Saved entries
====================

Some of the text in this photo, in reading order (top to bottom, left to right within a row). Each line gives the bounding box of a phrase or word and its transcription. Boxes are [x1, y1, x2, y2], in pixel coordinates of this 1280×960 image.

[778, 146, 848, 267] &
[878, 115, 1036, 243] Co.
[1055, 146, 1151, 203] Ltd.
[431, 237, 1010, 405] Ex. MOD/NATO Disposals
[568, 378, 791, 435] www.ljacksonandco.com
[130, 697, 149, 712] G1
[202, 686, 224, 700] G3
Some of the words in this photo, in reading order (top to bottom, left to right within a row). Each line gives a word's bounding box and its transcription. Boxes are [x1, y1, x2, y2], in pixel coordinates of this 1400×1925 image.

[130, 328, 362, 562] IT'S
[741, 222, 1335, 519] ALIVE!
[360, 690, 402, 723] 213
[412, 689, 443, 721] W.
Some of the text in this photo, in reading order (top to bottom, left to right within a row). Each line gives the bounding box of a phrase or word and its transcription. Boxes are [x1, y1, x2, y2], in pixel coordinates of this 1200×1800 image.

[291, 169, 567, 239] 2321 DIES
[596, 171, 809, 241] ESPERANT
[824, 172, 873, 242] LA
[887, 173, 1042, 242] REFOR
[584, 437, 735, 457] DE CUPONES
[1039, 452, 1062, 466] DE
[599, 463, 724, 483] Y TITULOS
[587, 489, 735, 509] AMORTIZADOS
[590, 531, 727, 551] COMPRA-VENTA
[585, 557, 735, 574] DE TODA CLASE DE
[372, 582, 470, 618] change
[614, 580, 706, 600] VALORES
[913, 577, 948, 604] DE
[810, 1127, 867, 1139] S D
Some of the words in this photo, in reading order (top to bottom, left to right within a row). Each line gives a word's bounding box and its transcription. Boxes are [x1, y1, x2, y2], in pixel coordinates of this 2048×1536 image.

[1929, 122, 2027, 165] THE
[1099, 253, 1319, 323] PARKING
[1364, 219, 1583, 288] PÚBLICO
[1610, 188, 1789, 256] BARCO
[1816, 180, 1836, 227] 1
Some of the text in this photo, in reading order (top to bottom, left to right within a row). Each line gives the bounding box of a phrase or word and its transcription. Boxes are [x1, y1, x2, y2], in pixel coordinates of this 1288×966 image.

====================

PROBLEM STATEMENT
Without skipping anything, transcribe every line above exactly.

PROBLEM SOLUTION
Some of the text in this photo, in reading order (top to bottom, left to right within a row). Each line gives the bounding box of a phrase or word and its transcription. Boxes are [x1, y1, x2, y2], in pixel coordinates of this 1280×960 image.

[778, 146, 848, 267] &
[878, 115, 1036, 243] Co.
[1055, 146, 1151, 203] Ltd.
[431, 237, 1010, 405] Ex. MOD/NATO Disposals
[568, 378, 791, 435] www.ljacksonandco.com
[130, 697, 149, 712] G1
[202, 686, 224, 700] G3
Some of the words in this photo, in reading order (top to bottom, left to right within a row). Each line gives a word's bounding box and its transcription. Boxes are [x1, y1, x2, y2], in pixel coordinates of this 1400×1925 image.

[130, 328, 362, 562] IT'S
[741, 222, 1335, 519] ALIVE!
[360, 690, 402, 723] 213
[412, 689, 443, 721] W.
Some of the text in this photo, in reading order (top to bottom, left to right within a row). Each line gives the bounding box of a phrase or word and its transcription. Boxes are [x1, y1, x2, y2], in pixel coordinates of this 1200×1800 image.

[291, 169, 567, 239] 2321 DIES
[596, 171, 809, 241] ESPERANT
[824, 172, 873, 242] LA
[887, 173, 1042, 242] REFOR
[584, 437, 735, 457] DE CUPONES
[1039, 452, 1062, 466] DE
[599, 463, 724, 483] Y TITULOS
[587, 489, 735, 509] AMORTIZADOS
[590, 531, 727, 551] COMPRA-VENTA
[585, 557, 735, 574] DE TODA CLASE DE
[372, 582, 470, 618] change
[614, 580, 706, 600] VALORES
[913, 577, 948, 604] DE
[810, 1127, 867, 1139] S D
Some of the words in this photo, in reading order (top to bottom, left to right within a row). Each line gives a word's bounding box and its transcription. Boxes are [x1, y1, x2, y2], in pixel coordinates of this 2048×1536 image.

[1929, 122, 2027, 165] THE
[1099, 253, 1319, 323] PARKING
[1364, 219, 1583, 288] PÚBLICO
[1610, 188, 1789, 256] BARCO
[1816, 180, 1836, 227] 1
Some of the text in this photo, in reading order (top to bottom, left to right within a row). Each line gives the bounding box of a phrase or word and its transcription. Boxes are [x1, y1, x2, y2], in pixel coordinates of this 1288×966 image.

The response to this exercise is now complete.